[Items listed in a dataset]

--------------------------------

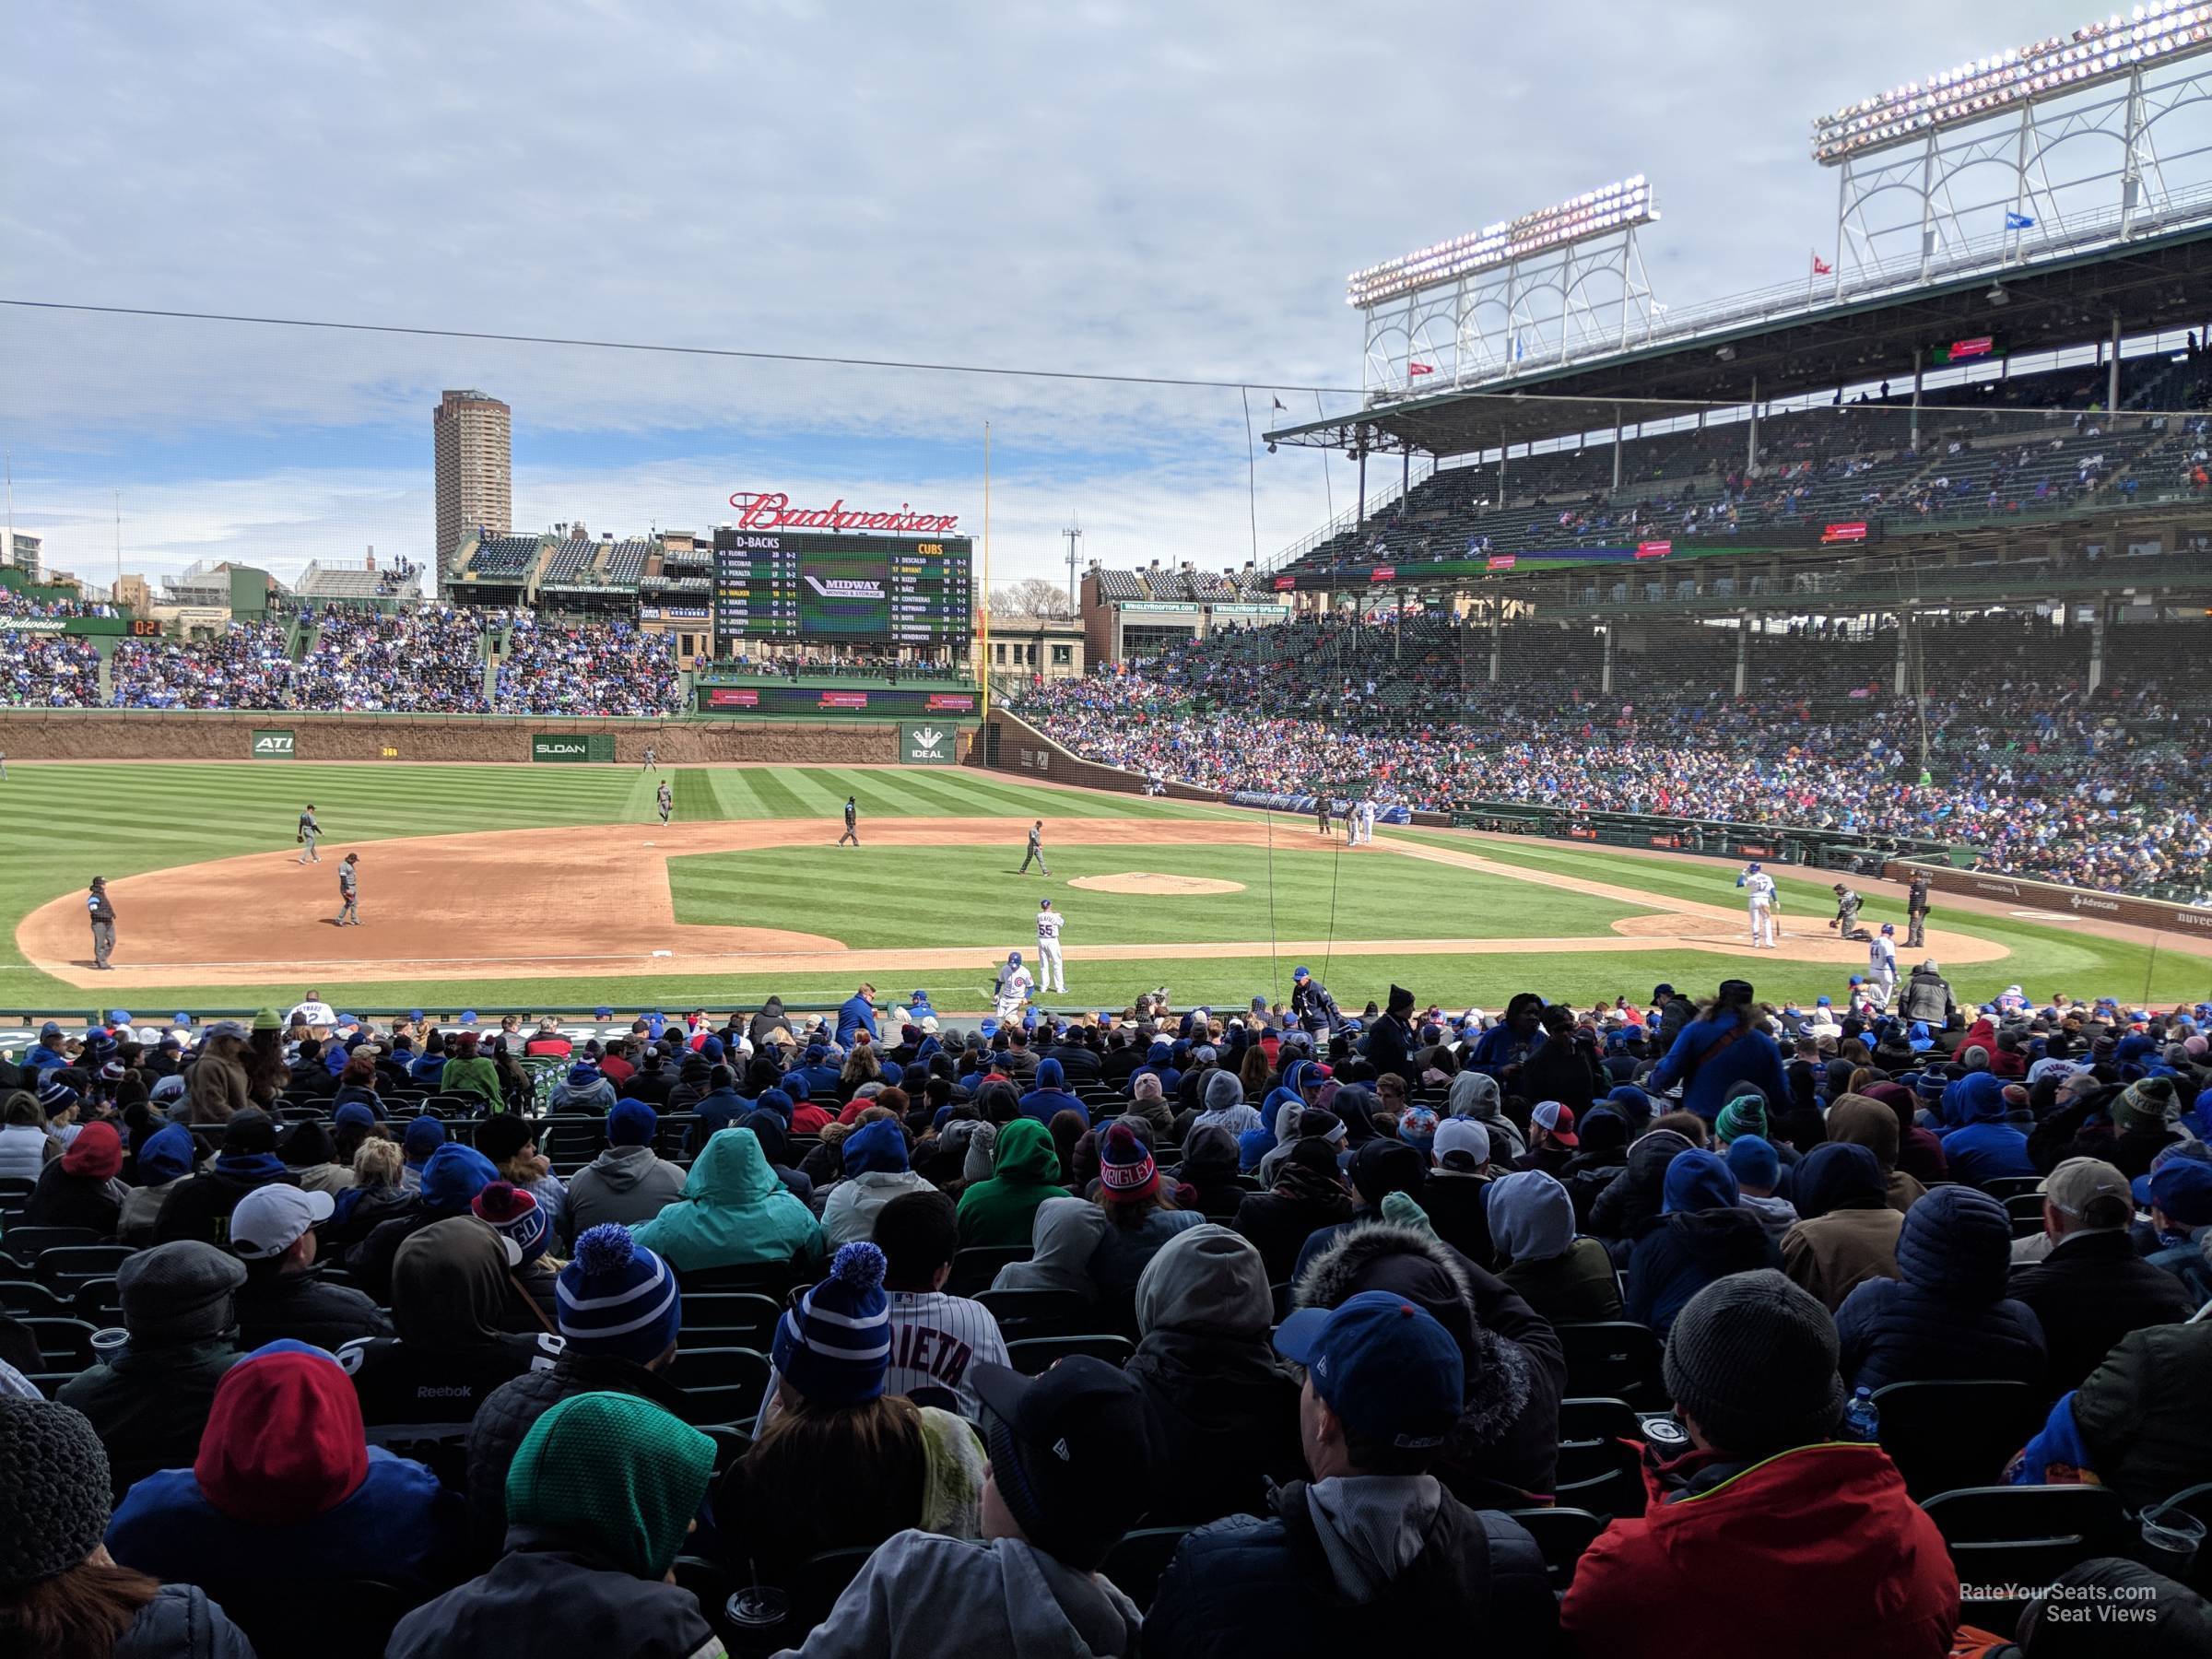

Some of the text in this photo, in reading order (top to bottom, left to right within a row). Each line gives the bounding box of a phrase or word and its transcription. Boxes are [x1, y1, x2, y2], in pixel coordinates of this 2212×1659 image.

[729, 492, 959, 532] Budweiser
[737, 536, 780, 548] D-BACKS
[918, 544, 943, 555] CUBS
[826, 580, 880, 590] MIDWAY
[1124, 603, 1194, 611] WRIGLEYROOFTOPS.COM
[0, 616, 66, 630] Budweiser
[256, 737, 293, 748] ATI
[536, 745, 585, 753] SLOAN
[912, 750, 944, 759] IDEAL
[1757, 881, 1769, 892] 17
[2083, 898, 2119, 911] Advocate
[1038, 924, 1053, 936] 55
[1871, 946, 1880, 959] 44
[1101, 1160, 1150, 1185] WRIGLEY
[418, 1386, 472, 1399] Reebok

--------------------------------

§ The task
All records must be output exactly as they are, except for the pictures, which are left out.

§ Task result
Some of the text in this photo, in reading order (top to bottom, left to right within a row). Each line gives the bounding box of a phrase or word and its transcription. Boxes are [x1, y1, x2, y2], in pixel coordinates of this 2212×1659 image.

[729, 492, 959, 532] Budweiser
[737, 536, 780, 548] D-BACKS
[918, 544, 943, 555] CUBS
[826, 580, 880, 590] MIDWAY
[1124, 603, 1194, 611] WRIGLEYROOFTOPS.COM
[0, 616, 66, 630] Budweiser
[256, 737, 293, 748] ATI
[536, 745, 585, 753] SLOAN
[912, 750, 944, 759] IDEAL
[1757, 881, 1769, 892] 17
[2083, 898, 2119, 911] Advocate
[1038, 924, 1053, 936] 55
[1871, 946, 1880, 959] 44
[1101, 1160, 1150, 1185] WRIGLEY
[418, 1386, 472, 1399] Reebok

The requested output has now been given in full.